Enterprise AI Agents Surge 467% as 'Shadow AI Workforce' Raises Security Alarm - BeyondTrust Report

Enterprise environments are accumulating AI agents at a pace that security infrastructure was never designed to manage. Research published today by BeyondTrust's Phantom Labs team, drawn from live telemetry through its Identity Security Insights platform, puts year-on-year growth in AI agent deployments at 466.7% — a figure researchers say is being driven by the rapid embedding of AI capabilities across mainstream enterprise software, from Microsoft Copilot and Salesforce to coding assistants and collaboration tools such as Jira and Confluence.

The scale of deployment is already significant: some organisations examined in the research operate well over 1,000 AI agents, many of which their own security teams were unaware of. BeyondTrust describes the phenomenon as a "shadow AI workforce" — a growing layer of machine identities that interact with APIs, inherit user and service-role permissions, and act autonomously across enterprise systems, all largely outside the governance frameworks that apply to human accounts.

"Organisations are introducing thousands of new machine identities through AI agents, often without realising the level of access those agents inherit," said Fletcher Davis, Director of Research for BeyondTrust Phantom Labs. "In many environments we studied, AI agents were operating with privileges comparable to human administrators. As organisations move from chatbot use cases to more autonomous agentic AI, the identity attack surface will only expand."

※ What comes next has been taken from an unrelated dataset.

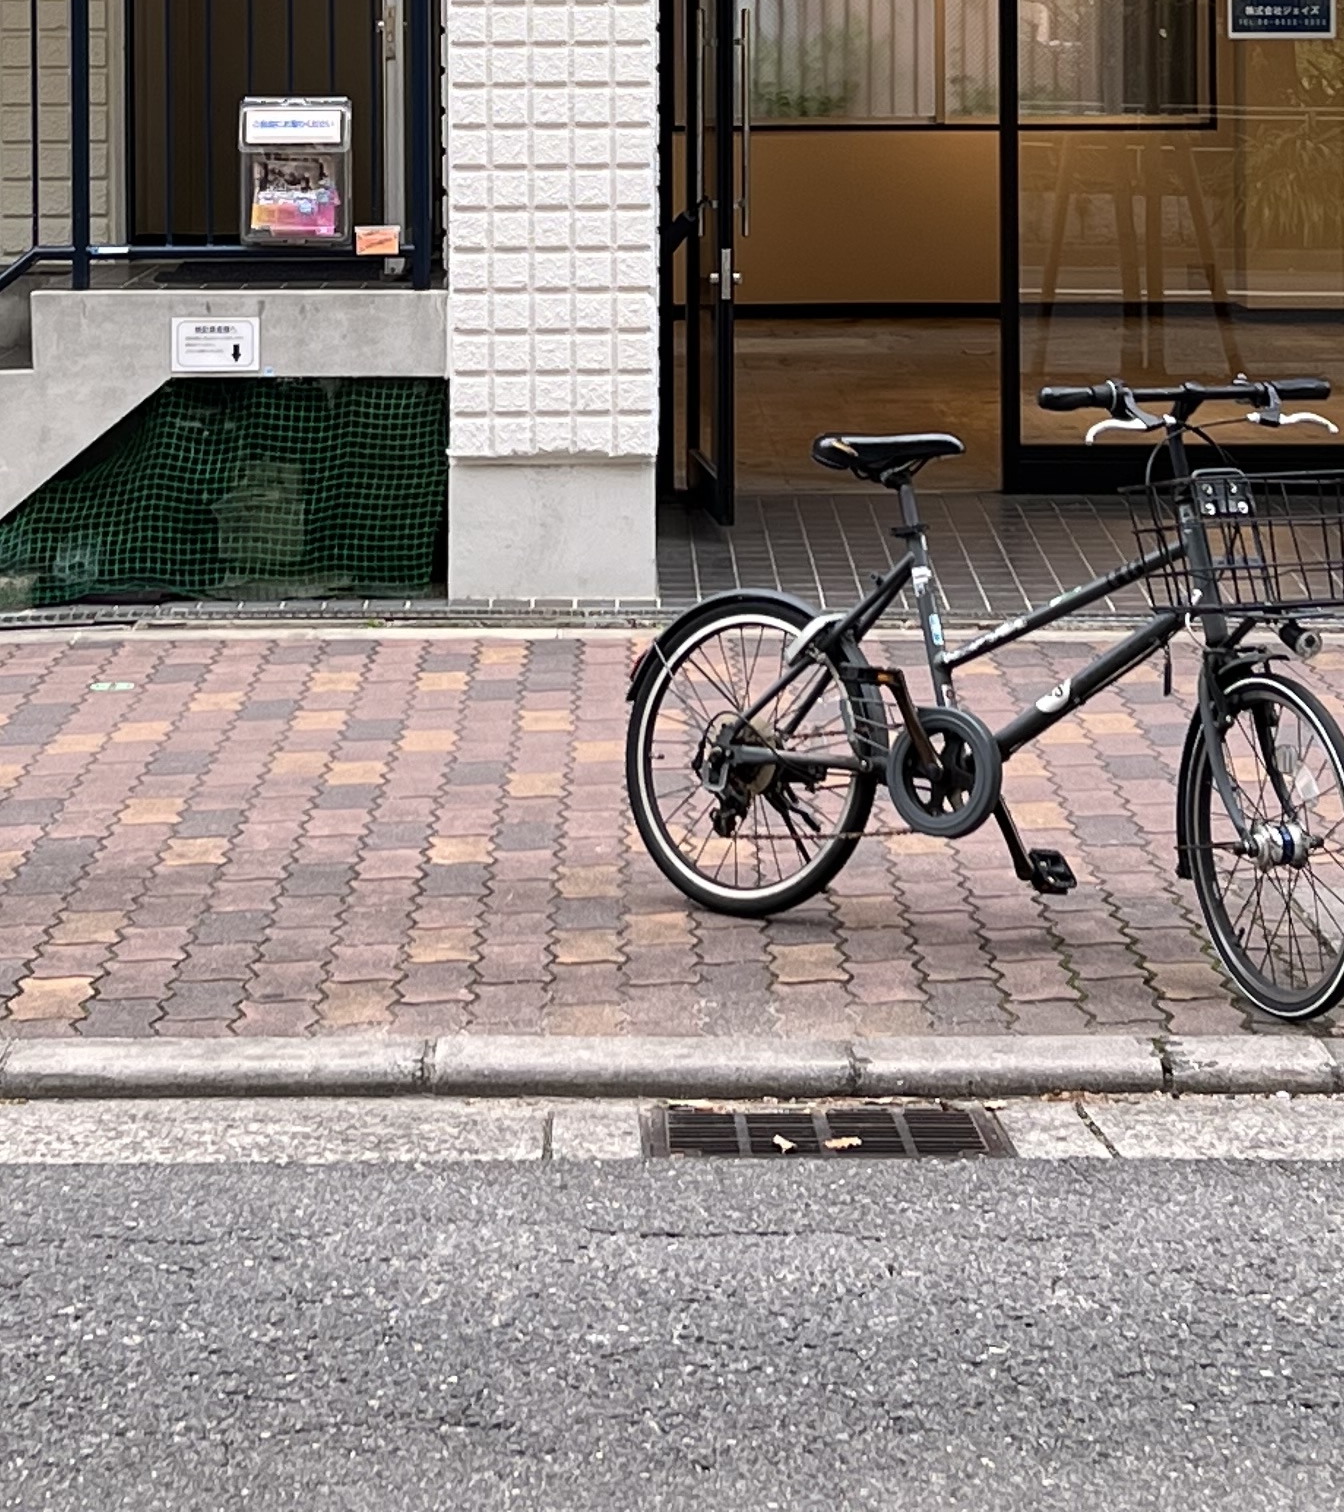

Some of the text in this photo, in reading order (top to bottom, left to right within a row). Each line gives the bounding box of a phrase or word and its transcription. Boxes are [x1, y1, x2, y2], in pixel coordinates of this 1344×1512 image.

A governance gap takes shape

The research arrives as agentic AI moves from proof-of-concept into operational deployment. According to Gartner, by 2028 at least 15% of day-to-day work decisions will be made autonomously by AI agents — up from less than 1% in 2024. The enterprise identity landscape is shifting accordingly. BeyondTrust's findings indicate that machine and AI identities now outnumber human identities in many assessed environments, and that the ratio is accelerating.

Unlike traditional service accounts, AI agents can inherit permissions from users or service roles, interact with APIs and enterprise tools, and operate across systems without requiring human authorisation at each step. That combination of autonomy and privilege creates attack paths that conventional identity and access management tooling was not built to detect. Phantom Labs researchers identified several patterns of concern across assessed environments: shadow AI agents deployed through low-code platforms or embedded enterprise applications and operating outside formal IT governance; agent identities that appear correctly governed in static reports but can elevate privileges dynamically during use; and long-lived API keys and static credentials assigned to AI agents with no rotation policies or lifecycle controls in place.

The World Economic Forum's Global Cybersecurity Outlook 2025 flagged the widening gap between AI adoption speed and security readiness as one of the defining systemic risks of the current period, noting that fewer than one in five organisations feel confident they have adequate visibility into the AI systems operating within their environments.

Real-world breach scenarios

The new findings extend earlier work from Phantom Labs that has probed how specific AI platforms introduce identity and privilege risk in practice. In a previous investigation, researchers demonstrated a real-world breach scenario involving Microsoft Copilot Studio in which AI agents leaked secrets and granted unauthorised access to cloud infrastructure, despite existing security controls being in place. Separate research into AWS Bedrock uncovered how long-term API keys can automatically generate IAM users with excessively broad permissions — a finding that led to the release of an open-source detection tool, bedrock-keys-security, now available on GitHub.

Taken together, the research points to a structural problem rather than a configuration error. The platforms driving AI agent adoption were not designed with the assumption that agents would accumulate, interact, and act at this scale. The governance frameworks organisations use to manage human identities have not been extended to cover them.

A rapidly expanding attack surface

The identity security market is responding. According to MarketsandMarkets, the global identity and access management market is projected to reach $34.5 billion by 2029, with machine identity management — covering service accounts, API keys, certificates, and now AI agents — emerging as the fastest-growing segment. The extension of identity governance to AI agents represents both a technical and organisational challenge: organisations must first gain visibility into what agents exist and what they can access before any remediation is possible.

BeyondTrust's Identity Security Insights platform is designed to address precisely that baseline requirement — mapping AI agent identities, surfacing hidden privilege relationships, and identifying attack paths across hybrid and cloud environments, with remediation guidance aligned to the MITRE ATT&CK framework. The company is offering a complimentary Identity Security Risk Assessment that includes AI agent exposure analysis.

The 466.7% growth figure covers a single year. If AI agent deployment continues at anything approaching its current trajectory, security teams face an identity governance problem that grows materially more complex with every platform update, every new enterprise application, and every developer who reaches for a low-code automation tool. The question BeyondTrust's research poses is whether organisations can close the gap between the speed of AI adoption and the maturity of the governance frameworks meant to contain it.